Kaito Além do Horizonte Brasileira

Autor(a): Carlos Jesus


Volume 1

Capítulo 21: Olhar de Quem Sabe o Que Faz (13)

 

 

O sol atravessa o vale como uma lâmina dourada. Ele corta a neblina, toca as rochas e revela cada detalhe escondido. Lá nada é comum: criaturas tão estranhas, vegetações que parecem vivas, caminhos que mudam de lugar como se respirassem.

Já percorri boa parte deste território, mas nunca é o bastante. O vale sempre guarda uma surpresa, é isso que o torna perigoso… e fascinante.

Não falo isso como uma curiosa qualquer, mas como alguém treinada. Meu trabalho é rastrear sinais que olhos comuns jamais perceberiam. E para isso preciso de silêncio, foco absoluto, acima de tudo. Quanto menos distrações, menos preocupações — e mais eficiência.

Aprendemos a observar na espreita.  A agir apenas quando o necessário. Nesse momento, nossa função muda: deixamos de ser sombras e nos tornamos lâminas. Localizar, atacar, eliminar. É simples. É direto.
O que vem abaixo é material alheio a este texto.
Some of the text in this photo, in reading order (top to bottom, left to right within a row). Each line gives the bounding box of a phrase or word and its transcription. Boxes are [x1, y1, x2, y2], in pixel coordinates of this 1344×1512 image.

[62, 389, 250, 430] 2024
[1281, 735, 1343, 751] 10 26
E cada rastreador tem uma marca própria, uma habilidade única que o torna indispensável. É por isso que, quando algo precisa ser encontrado — ou destruído — somos a resposta.

— Justo hoje, na minha folga… — murmurei, chutando uma pedra. — Será que eles não têm noção de agenda?“Vou aproveitar e levar tudo que preciso… alguns fortificadores e umas paradinhas muito loucas, hahaha.”
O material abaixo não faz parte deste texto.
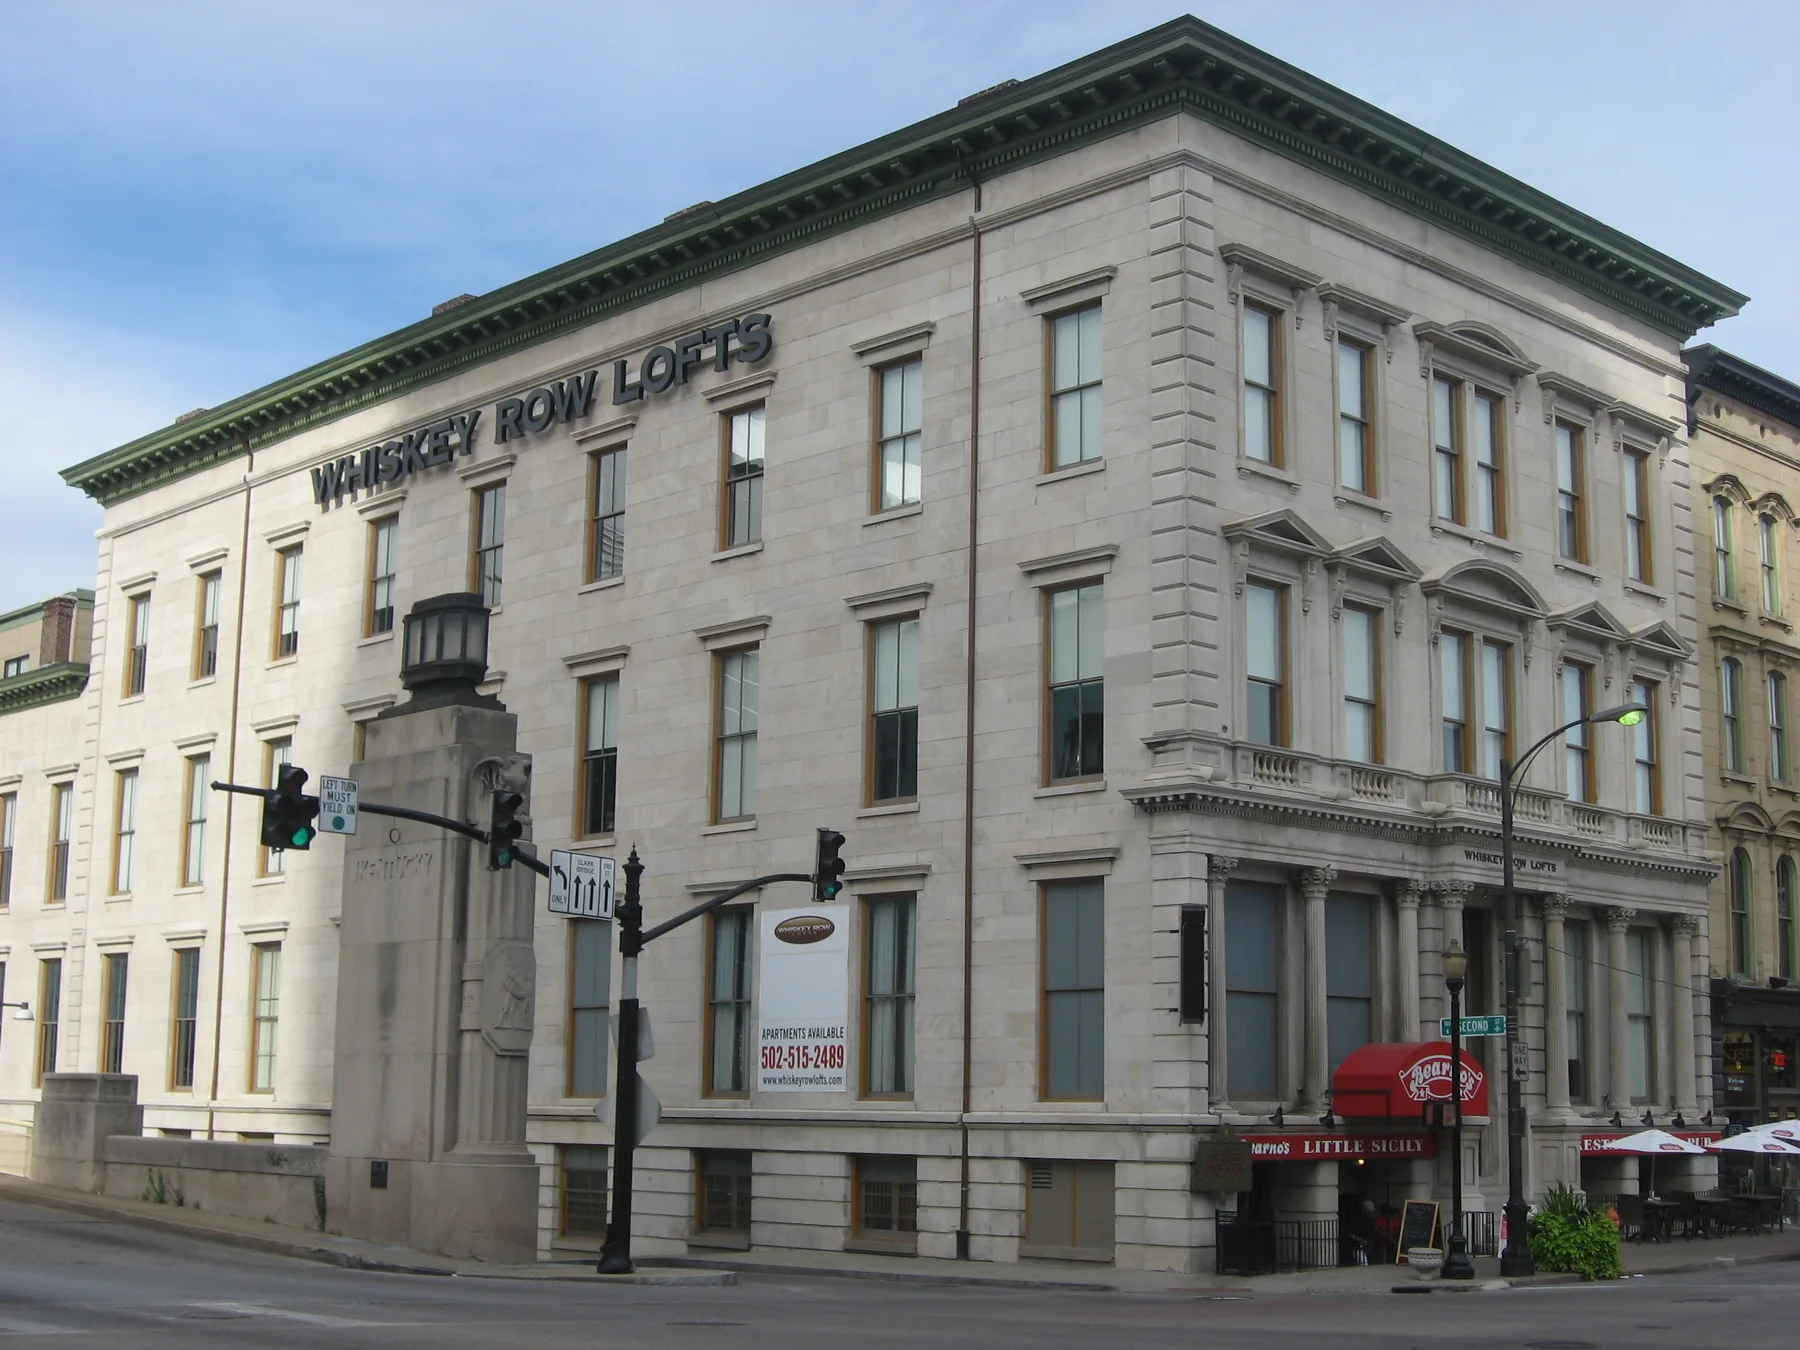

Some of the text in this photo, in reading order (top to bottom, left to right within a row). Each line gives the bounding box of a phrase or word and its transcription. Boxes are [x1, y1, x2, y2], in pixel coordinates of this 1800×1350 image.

[310, 313, 773, 502] WHISKEY ROW LOFTS
[322, 778, 357, 792] LEFT TURN
[327, 791, 351, 803] MUST
[322, 801, 356, 815] YIELD ON
[577, 859, 594, 867] CLARK
[1464, 849, 1557, 872] WHISKEY OW LOFTS
[551, 894, 568, 905] ONLY
[778, 925, 812, 933] WHISKEY
[1459, 1020, 1488, 1032] SECOND
[762, 1026, 844, 1040] APARTMENTS AVAILABLE
[761, 1044, 844, 1069] 502-515-2489
[1513, 1045, 1527, 1055] ONE
[1513, 1056, 1527, 1066] WAY
[762, 1074, 843, 1087] www.whiskeyrowlofts.com
[1304, 1140, 1364, 1153] LITTLE
[1371, 1139, 1424, 1152] SICILY
Balancei a cabeça, rindo sozinha. — Ninguém gosta desses lados, mesmo. Cheios de perigos…, mas dessa vez eu tenho um motivo a mais. — Fechei o punho, lembrando do fedor nojento daquela gosma que grudou em mim dias atrás. Malditos vermes. Todo mundo se afastou de mim por causa daquele cheiro.

Suspirei. Ontem mesmo algo estranho aconteceu: uma luz intensa cortando o céu acima da floresta. Todos viram, mas ninguém foi investigar. Nem nós, rastreadores, ousamos sair durante a noite. É muito arriscado.

Mas hoje, minha missão principal era inspecionar o local.Um dos nossos chefes havia comentado algo inquietante...

— Ele disse que já sentiu essa mesma presença antes. Naquele dia, seu corpo inteiro congelou. Não conseguiu mover um músculo sequer. Só o que restou foi o terror... e a certeza de que algo estava observando cada respiração dele.

“Vai ser fácil.” — pensei, ajeitando o arco nas costas. “Com minhas habilidades, chego lá em pouco tempo… a não ser que apareça algum imprevisto.”

Assim que meus pés cruzaram a entrada da floresta, senti....Um vento pesado me atingiu, carregado de um cheiro podre. No mesmo instante, algo invisível agarrou minha garganta e apertou como um laço.

O ar sumiu....Meus olhos saltaram, minha carne latejava, e a pele do pescoço começou a inchar como se algo rastejasse por dentro.
Cada tentativa de respirar só fazia a dor piorar, como agulhas perfurando os pulmões.

— N–não... — tentei falar, mas a voz saiu em um estalo seco, mais próximo de um gemido.
Minha língua formigava, as veias do rosto queimavam sob a pele.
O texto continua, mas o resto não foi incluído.